Normally December is a quiet time for F1, as drivers and team personnel go off for a well-earned holiday after a record 22-race season. But someone forgot to tell some team bosses it is not the time for change or movement. Unlike some of the drivers who might exchange Christmas greetings, or even the odd present or two, it’s unlikely that the team principals will follow suit. Prior to the last race in Abu Dahai, all twenty drivers attended a dinner to honour the retirement of four-time world champion Sebastian Vettel, who called time on his F1 career after 15 years. But when Ferrari team principal Mattia Binotto resigned after his team had finished a distant second to Red Bull in the Constructors’ championship, there was no suggestion his colleagues might get together to celebrate Binotto’s 27 years at Ferrari, including three years as team principal. There is little love lost between team bosses. Mercedes boss Toto Wolff and Red Bull boss Christian Wolff have been at loggerheads for a number of years, but especially since Wolff considered that his team, and driver Lewis Hamilton, had been “robbed” of the championship in Abu Dhabi in 2021 when race director Michael Masi allowed racing on the last lap instead of having it finish under safety car conditions, which would have seen Hamilton crowned as an eight-time champion. Instead, Red Bull driver Max Verstappen had his first title. How the decision made by an FIA employee could be blamed on Horner is anyone’s guess, but Wolff was looking for a scapegoat.
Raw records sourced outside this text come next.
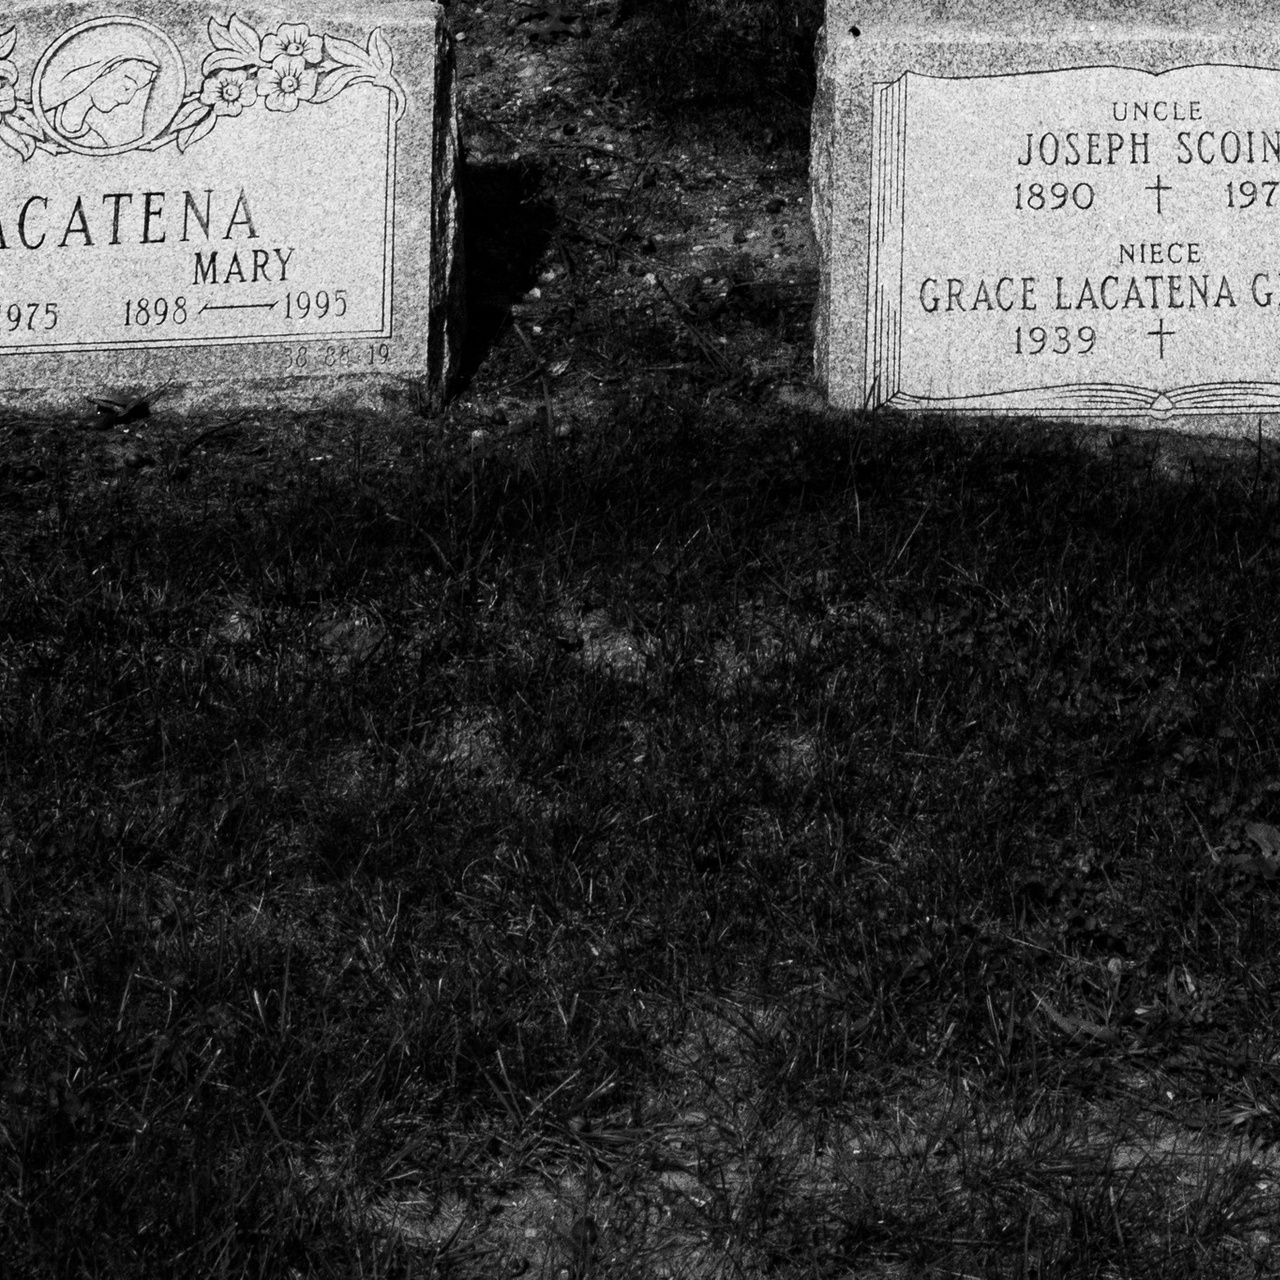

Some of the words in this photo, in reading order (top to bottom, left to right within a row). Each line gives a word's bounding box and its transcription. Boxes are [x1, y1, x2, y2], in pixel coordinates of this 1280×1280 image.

[1112, 100, 1203, 123] UNCLE
[1018, 131, 1151, 166] JOSEPH
[1014, 181, 1096, 211] 1890
[192, 246, 295, 286] MARY
[1119, 242, 1202, 265] NIECE
[123, 295, 189, 327] 1898
[283, 289, 348, 321] 1995
[919, 276, 1037, 314] GRACE
[1055, 272, 1237, 312] LACATENA
[0, 302, 59, 332] 975
[1014, 326, 1097, 355] 1939
Their disagreements probably began at Silverstone in 2021, when Hamilton was under investigation for punting Verstappen off into the barrier at Copse Corner at around 170mph. Verstappen was taken to hospital and Hamilton eventually received a 10-second time penalty, but still won the race. Horner became aware that Wolff was lobbying race director Masi by a direct channel.
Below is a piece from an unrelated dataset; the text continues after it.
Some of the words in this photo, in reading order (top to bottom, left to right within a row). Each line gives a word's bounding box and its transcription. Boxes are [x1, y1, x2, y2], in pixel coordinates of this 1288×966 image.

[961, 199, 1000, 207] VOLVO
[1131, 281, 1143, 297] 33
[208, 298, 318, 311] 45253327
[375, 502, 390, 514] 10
“I never had a one-to-one channel, it had always been sent through our team manager,” Horner recalled. “And then it really permeated at Silverstone where, suddenly, there was an awful lot of dialogue suddenly from Toto to Michael, and then he’s sending him an email, and then he’s coming up [to race control]. And I thought, ‘Right, okay, I’m not having that, I’m going up’. Because I felt it was incredibly one-sided that a team principal should not be able to lobby and influence the race director and, with hindsight, Toto and I had a fairly heated exchange in race control at that event, where Toto was obviously arguing his corner that his driver shouldn’t be penalised, and I’ve got a driver in hospital and a car take out of the race, [which] I was obviously feeling pretty aggrieved by.”
On reflection, Horner says he can understand that Wolff felt threatened by Red Bull.
“I think that we’re in such a competitive sport, such a competitive business, and there was a huge amount going on on-track. And then there was a lot going off-track as we were stabilising Red Bull Powertrains, and [...] Toto, I think, has always seen Red Bull as a threat, because it’s a team that he’s not ever managed to have a control or an input into, and so we’ve always been a bit of a maverick.”